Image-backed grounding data
★ ★ ★ ★ ★ ★ ★

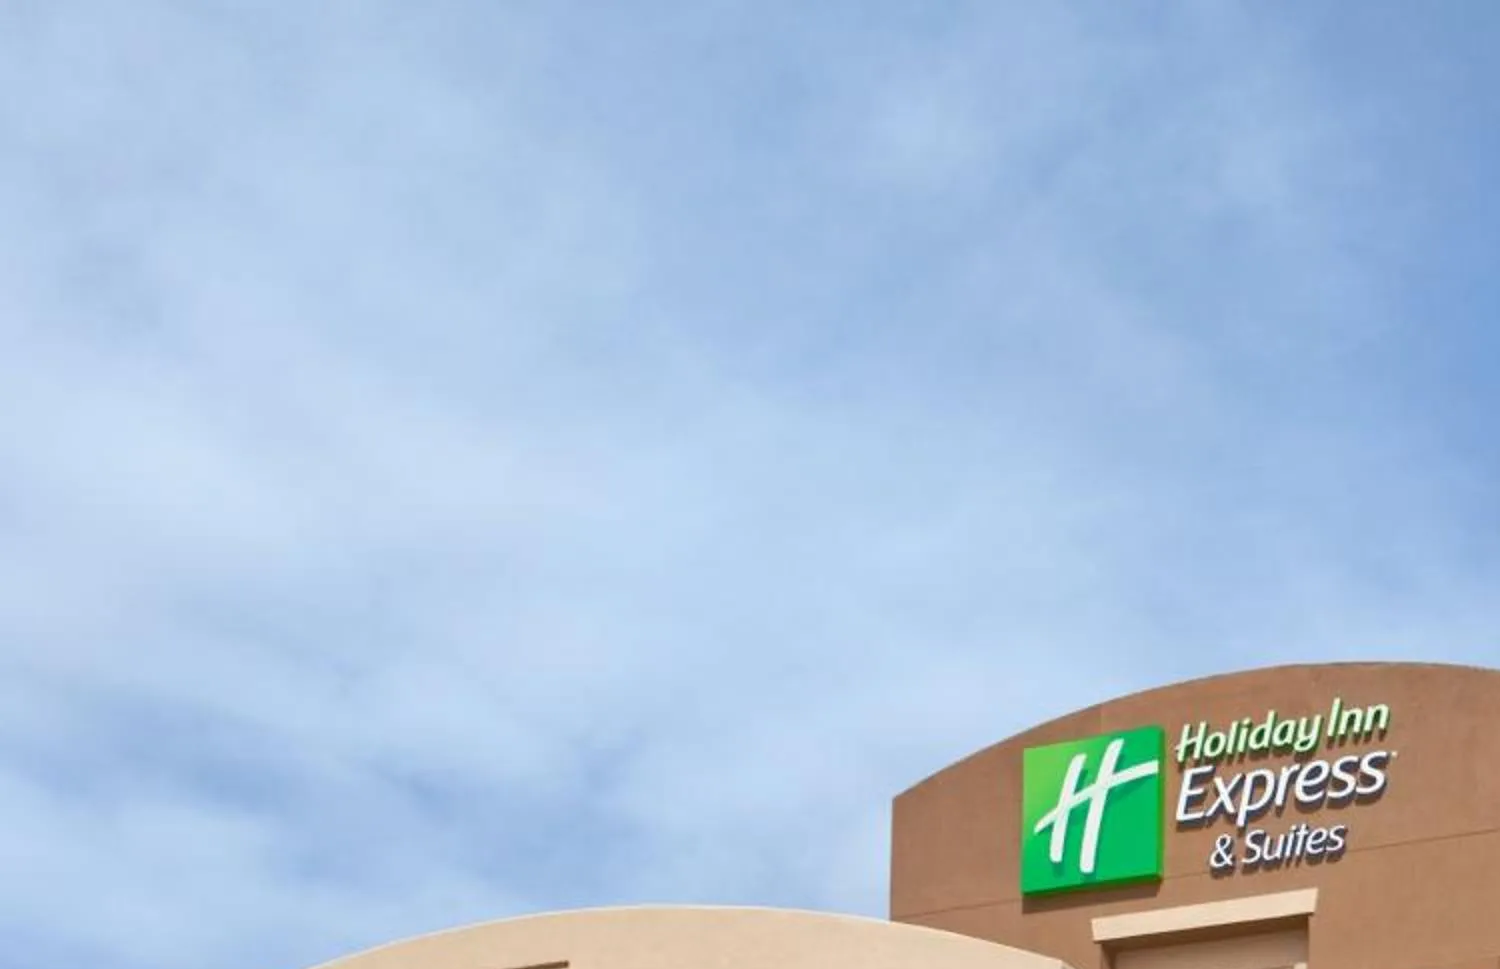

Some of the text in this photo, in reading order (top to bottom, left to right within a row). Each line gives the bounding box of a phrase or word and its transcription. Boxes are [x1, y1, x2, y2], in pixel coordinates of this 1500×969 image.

[1175, 697, 1390, 762] Holiday Inn
[1174, 750, 1389, 827] Express
[1208, 824, 1346, 868] & Suites
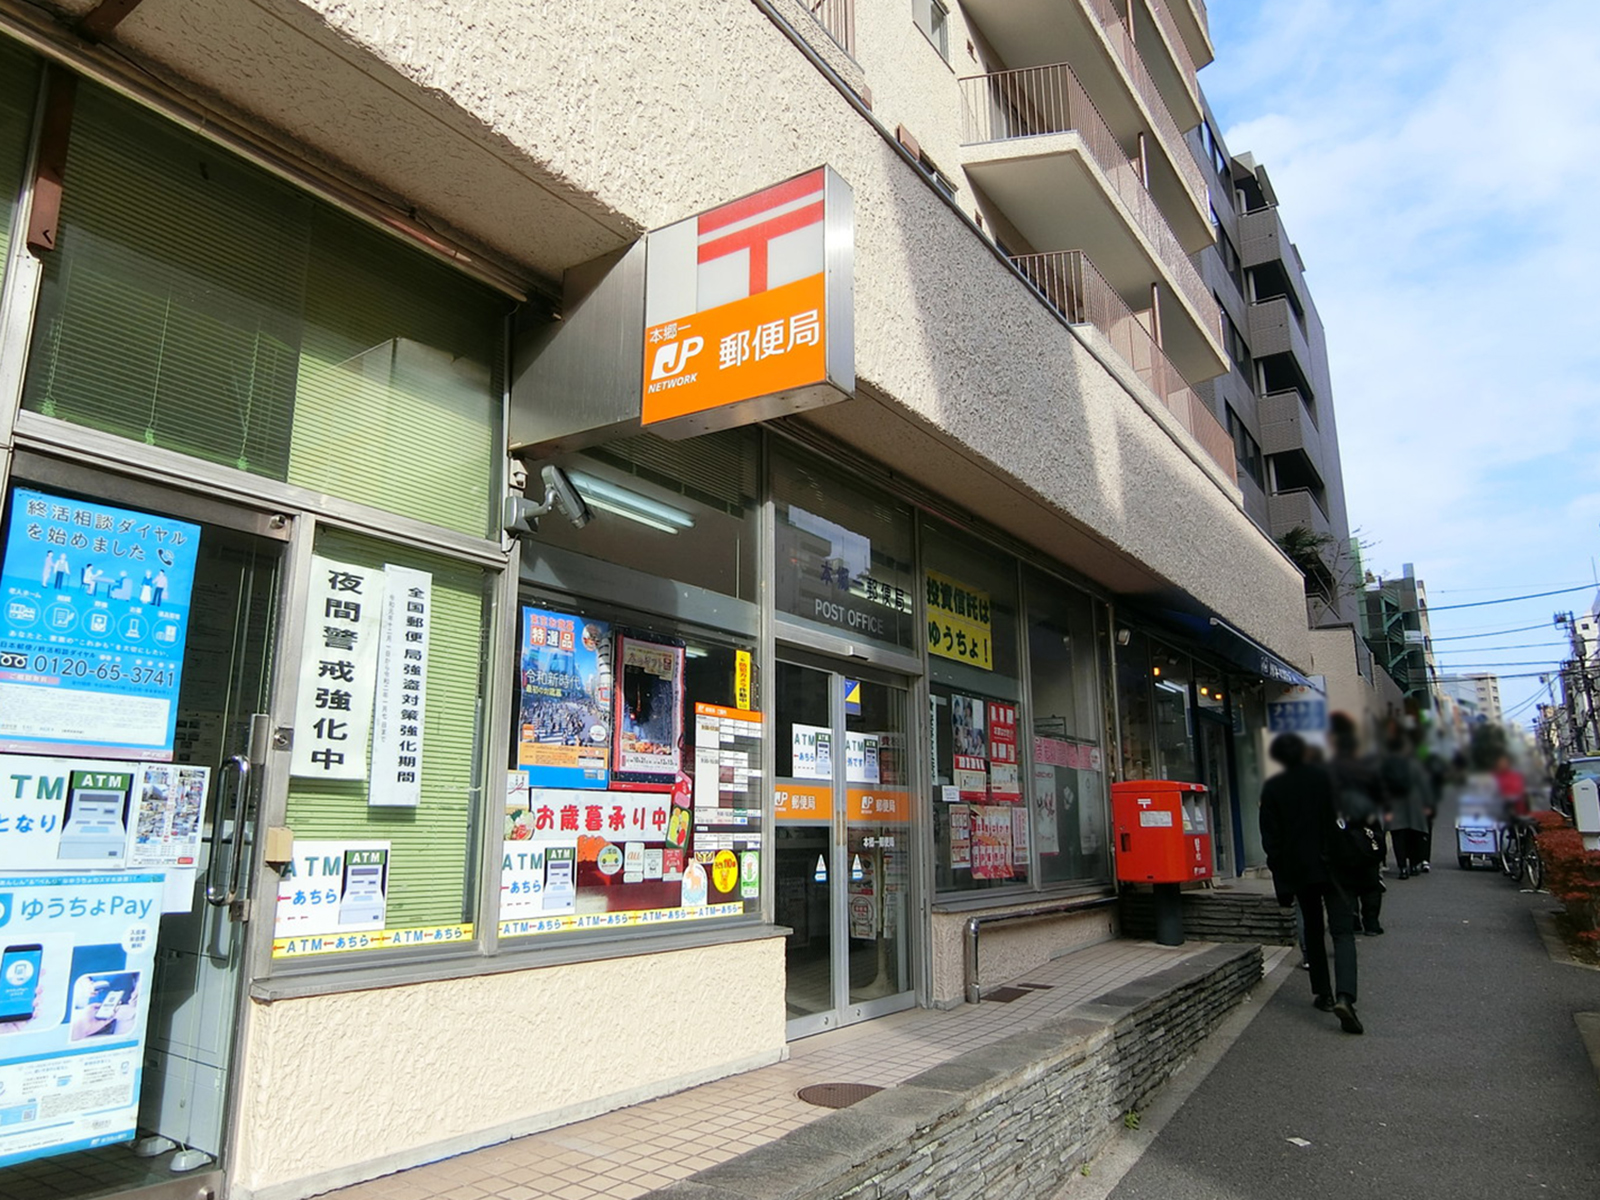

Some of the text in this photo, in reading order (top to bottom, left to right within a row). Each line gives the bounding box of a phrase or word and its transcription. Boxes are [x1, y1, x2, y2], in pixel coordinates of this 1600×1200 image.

★ ★ ★ ★ ★ ★ ★

▸ Required work: A word-for-word copy of the data above is needed, one that omits the pictures.

▸ Solution for this exercise:
Some of the text in this photo, in reading order (top to bottom, left to right within a row). Each line gives the bounding box of a phrase or word and its transcription. Boxes are [x1, y1, x2, y2], in pixel coordinates of this 1500×969 image.

[1175, 697, 1390, 762] Holiday Inn
[1174, 750, 1389, 827] Express
[1208, 824, 1346, 868] & Suites

Some of the text in this photo, in reading order (top to bottom, left to right within a row). Each line gives the bounding box of a phrase or word and its transcription. Boxes are [x1, y1, x2, y2], in pixel coordinates of this 1600×1200 image.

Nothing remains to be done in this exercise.